One widely used definition, developed by the World Health Organization and the Food and Agriculture Organization of the United Nations, is that probiotics are “live microorganisms, which, when administered in adequate amounts, confer a health benefit on the host.”
Your intestinal tract contains over 100 trillion bacteria-both good and bad. The friendly or healthy bacteria are vital to proper development of the immune system. These tiny organisms help restore health and balance to the intestinal tract which are beneficial to:
1. protect against microorganisms that could cause disease
2. to aid in the digestion and absorption of food and nutrients
Creating and maintaining a healthy balance of beneficial bacteria can best be achieved by using probiotics. Most often, the bacteria come from two groups, Lactobacillus or Bifidobacterium. Within each group, there are different species (for example, Lactobacillus acidophilus and Bifidobacterium bifidus), and within each species, different strains (or varieties). A few common probiotics, such as Saccharomyces boulardii, are yeasts, which are different from bacteria.
The good bacteria live, colonize, thrive, and reproduce in your gastrointestinal tract, beginning just below the stomach, and form a complex and enormously diverse ecosystem. These resident bacteria synthesize the B-complex vitamins, crowd out yeast and parasites, help regulate blood cholesterol levels, and produce antibiotic compounds.
Each person’s mix of bacteria varies. Interactions between a person and the microorganisms in his body, and among the microorganisms themselves, can be crucial to the person’s health and well-being. When the bacteria in your gut are abundant and healthy, they promote good health, prevent illness, and protect your well-being. Their health is literally your health. Maintaining a healthy intestinal tract is essential because your GI tract contains 80% of the cells that make immune antibodies.
The Bacterial Balancing Act
This bacterial “balancing act” can be thrown off in two major ways:
1. By antibiotics, when they kill friendly bacteria in the gut along with unfriendly bacteria.
2.”Unfriendly” microorganisms such as disease-causing bacteria, yeasts, fungi, and parasites can also upset the balance.
When the delicate balance of healthy bacteria in your system is compromised, undesirable bacteria is allowed to multiply, and unfriendly organisms such as disease-causing bacteria, yeasts, and fungi set up shop in your digestive tract. When the ratio of good bacteria to bad is lowered, problems begin to arise such as excessive gas, bloating, constipation, intestinal toxicity, and poor absorption of nutrients.

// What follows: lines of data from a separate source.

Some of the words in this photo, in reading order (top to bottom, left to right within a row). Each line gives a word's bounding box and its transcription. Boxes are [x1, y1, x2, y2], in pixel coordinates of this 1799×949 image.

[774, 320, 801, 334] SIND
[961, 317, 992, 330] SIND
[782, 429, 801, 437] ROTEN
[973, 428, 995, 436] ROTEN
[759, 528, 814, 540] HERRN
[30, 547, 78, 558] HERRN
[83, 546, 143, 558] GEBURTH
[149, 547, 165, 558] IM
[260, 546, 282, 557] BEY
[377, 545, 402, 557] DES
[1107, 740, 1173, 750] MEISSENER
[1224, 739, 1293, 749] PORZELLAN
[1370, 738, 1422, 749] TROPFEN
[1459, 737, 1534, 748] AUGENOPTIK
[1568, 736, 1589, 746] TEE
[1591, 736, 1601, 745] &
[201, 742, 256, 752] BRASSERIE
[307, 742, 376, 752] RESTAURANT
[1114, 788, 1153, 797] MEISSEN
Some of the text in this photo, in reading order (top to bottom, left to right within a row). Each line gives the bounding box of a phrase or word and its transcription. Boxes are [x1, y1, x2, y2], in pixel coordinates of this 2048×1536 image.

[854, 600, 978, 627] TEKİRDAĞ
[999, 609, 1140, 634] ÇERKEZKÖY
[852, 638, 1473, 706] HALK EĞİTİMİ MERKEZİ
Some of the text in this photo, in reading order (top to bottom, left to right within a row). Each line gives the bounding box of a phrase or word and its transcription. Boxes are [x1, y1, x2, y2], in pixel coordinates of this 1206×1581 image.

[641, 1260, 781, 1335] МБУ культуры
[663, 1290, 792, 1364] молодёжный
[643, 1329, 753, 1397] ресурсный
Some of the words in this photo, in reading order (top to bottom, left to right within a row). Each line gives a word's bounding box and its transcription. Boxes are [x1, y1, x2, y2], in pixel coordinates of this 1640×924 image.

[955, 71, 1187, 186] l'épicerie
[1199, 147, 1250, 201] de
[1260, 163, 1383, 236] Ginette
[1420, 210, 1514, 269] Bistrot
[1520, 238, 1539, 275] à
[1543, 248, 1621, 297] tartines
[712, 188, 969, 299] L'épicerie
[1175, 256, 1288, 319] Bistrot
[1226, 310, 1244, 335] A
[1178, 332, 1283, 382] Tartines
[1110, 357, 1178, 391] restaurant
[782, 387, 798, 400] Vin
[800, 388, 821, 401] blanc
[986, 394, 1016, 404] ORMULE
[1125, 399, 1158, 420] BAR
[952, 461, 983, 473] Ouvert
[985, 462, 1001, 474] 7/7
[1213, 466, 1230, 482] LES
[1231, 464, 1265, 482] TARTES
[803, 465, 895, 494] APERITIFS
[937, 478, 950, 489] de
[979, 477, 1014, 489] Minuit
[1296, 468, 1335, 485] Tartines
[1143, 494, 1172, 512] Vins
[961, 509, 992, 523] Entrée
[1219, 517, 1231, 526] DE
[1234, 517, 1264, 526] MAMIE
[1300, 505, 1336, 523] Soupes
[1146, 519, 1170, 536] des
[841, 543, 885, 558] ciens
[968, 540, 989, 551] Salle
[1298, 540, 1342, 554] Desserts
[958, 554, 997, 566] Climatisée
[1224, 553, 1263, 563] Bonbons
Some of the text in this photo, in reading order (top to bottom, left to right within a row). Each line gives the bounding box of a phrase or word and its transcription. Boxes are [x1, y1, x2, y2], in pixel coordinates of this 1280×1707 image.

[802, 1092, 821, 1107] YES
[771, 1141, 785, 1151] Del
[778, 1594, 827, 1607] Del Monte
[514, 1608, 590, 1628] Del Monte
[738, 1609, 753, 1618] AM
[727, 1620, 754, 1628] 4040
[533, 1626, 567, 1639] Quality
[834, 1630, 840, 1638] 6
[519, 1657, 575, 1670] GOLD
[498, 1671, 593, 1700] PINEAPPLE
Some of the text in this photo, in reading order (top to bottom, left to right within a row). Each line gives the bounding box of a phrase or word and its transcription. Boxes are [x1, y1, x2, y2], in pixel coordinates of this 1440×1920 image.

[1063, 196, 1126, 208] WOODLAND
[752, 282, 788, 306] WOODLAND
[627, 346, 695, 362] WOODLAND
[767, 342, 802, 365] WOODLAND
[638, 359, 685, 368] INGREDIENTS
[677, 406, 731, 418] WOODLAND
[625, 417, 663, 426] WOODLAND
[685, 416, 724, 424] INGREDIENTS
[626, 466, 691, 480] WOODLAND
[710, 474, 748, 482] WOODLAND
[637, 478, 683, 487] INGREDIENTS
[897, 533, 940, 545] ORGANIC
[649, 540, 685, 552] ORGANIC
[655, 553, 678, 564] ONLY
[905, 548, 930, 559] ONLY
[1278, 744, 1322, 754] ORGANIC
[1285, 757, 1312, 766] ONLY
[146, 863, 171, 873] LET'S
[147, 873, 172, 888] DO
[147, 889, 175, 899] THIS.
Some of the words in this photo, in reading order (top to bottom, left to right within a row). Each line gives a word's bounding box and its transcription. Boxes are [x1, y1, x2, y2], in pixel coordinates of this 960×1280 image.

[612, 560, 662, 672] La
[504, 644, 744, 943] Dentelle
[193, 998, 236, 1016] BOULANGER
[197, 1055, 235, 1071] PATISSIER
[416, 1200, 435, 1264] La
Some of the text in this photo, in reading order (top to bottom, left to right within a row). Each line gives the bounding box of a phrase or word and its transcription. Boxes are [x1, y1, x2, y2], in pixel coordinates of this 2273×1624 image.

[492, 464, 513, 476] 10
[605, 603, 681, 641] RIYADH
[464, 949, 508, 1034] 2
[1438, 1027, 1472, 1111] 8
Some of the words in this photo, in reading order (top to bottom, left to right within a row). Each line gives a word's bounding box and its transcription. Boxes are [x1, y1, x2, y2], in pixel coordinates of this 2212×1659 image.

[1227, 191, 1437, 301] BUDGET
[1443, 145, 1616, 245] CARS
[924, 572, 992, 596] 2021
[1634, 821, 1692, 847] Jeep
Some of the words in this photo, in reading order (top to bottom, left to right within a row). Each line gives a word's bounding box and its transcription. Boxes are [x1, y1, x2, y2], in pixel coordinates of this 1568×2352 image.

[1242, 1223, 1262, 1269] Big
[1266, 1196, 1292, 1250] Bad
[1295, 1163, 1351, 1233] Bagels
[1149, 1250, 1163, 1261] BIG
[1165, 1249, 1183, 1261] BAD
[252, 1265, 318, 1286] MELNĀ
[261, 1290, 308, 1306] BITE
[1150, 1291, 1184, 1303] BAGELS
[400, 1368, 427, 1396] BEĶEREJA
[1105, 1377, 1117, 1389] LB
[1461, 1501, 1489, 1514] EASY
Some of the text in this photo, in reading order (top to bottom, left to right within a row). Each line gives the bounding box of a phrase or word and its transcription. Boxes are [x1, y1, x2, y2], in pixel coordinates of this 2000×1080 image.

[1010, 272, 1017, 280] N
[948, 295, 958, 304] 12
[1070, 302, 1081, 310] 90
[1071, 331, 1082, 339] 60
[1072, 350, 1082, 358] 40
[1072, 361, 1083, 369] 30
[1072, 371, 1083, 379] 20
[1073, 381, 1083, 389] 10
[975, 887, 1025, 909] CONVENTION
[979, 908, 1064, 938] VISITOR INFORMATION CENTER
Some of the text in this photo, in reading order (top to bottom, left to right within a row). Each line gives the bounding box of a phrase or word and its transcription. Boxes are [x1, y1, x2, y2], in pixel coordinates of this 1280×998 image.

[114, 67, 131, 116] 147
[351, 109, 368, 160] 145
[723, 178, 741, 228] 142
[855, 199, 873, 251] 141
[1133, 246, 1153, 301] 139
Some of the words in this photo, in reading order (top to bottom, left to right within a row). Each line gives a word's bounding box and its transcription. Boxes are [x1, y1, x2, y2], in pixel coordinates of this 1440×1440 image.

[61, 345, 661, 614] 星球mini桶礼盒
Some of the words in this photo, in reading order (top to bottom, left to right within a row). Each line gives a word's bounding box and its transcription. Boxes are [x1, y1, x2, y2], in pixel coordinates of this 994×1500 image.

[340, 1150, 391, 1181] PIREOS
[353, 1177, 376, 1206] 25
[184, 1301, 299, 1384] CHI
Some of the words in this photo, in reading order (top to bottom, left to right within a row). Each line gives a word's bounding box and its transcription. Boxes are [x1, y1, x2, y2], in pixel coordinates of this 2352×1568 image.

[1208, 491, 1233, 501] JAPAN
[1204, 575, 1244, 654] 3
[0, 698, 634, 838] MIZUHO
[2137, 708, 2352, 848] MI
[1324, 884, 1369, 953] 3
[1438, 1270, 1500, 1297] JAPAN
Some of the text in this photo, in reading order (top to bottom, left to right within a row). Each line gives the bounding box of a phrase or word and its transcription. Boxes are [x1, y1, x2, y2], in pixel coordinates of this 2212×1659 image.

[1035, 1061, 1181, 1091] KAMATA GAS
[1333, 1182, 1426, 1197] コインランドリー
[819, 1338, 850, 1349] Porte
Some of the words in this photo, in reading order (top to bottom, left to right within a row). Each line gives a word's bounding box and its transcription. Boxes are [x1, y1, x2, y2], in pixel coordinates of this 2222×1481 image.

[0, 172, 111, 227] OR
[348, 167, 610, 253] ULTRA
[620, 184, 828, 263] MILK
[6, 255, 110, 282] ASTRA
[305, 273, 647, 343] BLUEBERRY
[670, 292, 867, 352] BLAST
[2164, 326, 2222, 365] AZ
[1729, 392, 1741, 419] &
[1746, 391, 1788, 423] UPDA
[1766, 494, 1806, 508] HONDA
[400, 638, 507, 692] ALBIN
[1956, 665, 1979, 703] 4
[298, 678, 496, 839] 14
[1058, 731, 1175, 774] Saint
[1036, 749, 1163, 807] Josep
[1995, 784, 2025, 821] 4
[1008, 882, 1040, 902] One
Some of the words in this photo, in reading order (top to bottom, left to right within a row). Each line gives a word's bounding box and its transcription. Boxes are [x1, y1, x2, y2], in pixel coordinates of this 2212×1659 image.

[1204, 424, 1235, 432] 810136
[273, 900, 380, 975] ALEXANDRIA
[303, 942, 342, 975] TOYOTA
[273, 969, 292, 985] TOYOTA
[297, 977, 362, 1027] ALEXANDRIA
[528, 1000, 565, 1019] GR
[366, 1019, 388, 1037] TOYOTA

Probiotics can be found in some foods like yogurt, olives, kim chee, sauerkraut, buttermilk, aged cheeses, miso, tempeh, cultured dairy products, some juices, and soy beverages. However, the most effective way to guarantee that you increase and maintain the amount of healthy bacteria in your system is to take a high-quality probiotic supplement. When searching for a probiotic product, it is essential to find one that contains enough healthy bacteria, as well as a delivery system that enables the good bacteria to survive harsh stomach acids and reach your gut alive, intact, and viable.
1. Guaranteeing the supplement contains the specific probiotic strains and species that have a known pedigree and are backed by research.
In choosing a probiotic, claims of efficacy should be made only for products that have been tested in studies and found to be efficacious. Therefore, consumers should look for products that list a specific strain of proven bacteria clearly on the label.
The strains that seem to be considered in the most important category include the Key ingredients: Lactobacillus acidophilus, Bifidobacterium Bifidum, Bifidobacterium longum, and Bifidobacterium lactis.
2. Ensure the probiotics can be kept alive and viable until they are delivered to the site of action.
For a probiotics supplement to be effective, it must be delivered alive to its site of action. Most capsules, tablets, powders, liquids, foods, and pills, even if enteric-coated, deliver little if any viable probiotics where they can colonize.
These delivery systems are unable to keep these bacteria alive and transport them to the site of action where they can be utilized by the intestinal tract. What this simply means is that even if your system receives the good bacteria, it’s most often dead and in a state that isn’t beneficial or usable to your system.
Ultimately,you’re taking a chance by using a probiotic that can’t guarantee its delivery system. In the long run, you may not be receiving the health benefits that you’re hoping and paying for.
Every day you make choices and are exposed to environmental stressors and that compromise and diminish these good bacteria-junk foods, caffeine, artificial sweeteners, trans fats, pesticides, antibiotics, chlorinated drinking water, and other toxins. These factors, along with your own lifestyle choices including inadequate nutrition, alcohol, and stress can all wreak havoc in the gastrointestinal tract by destroying healthy bacteria in your gut. Consider taking supplementation of a quality product containing effective, live, pedigree proven probiotics.
As always If you are thinking about using a probiotic product, consult your health care provider first. No therapy should be used in place of conventional medical care or to delay seeking that care.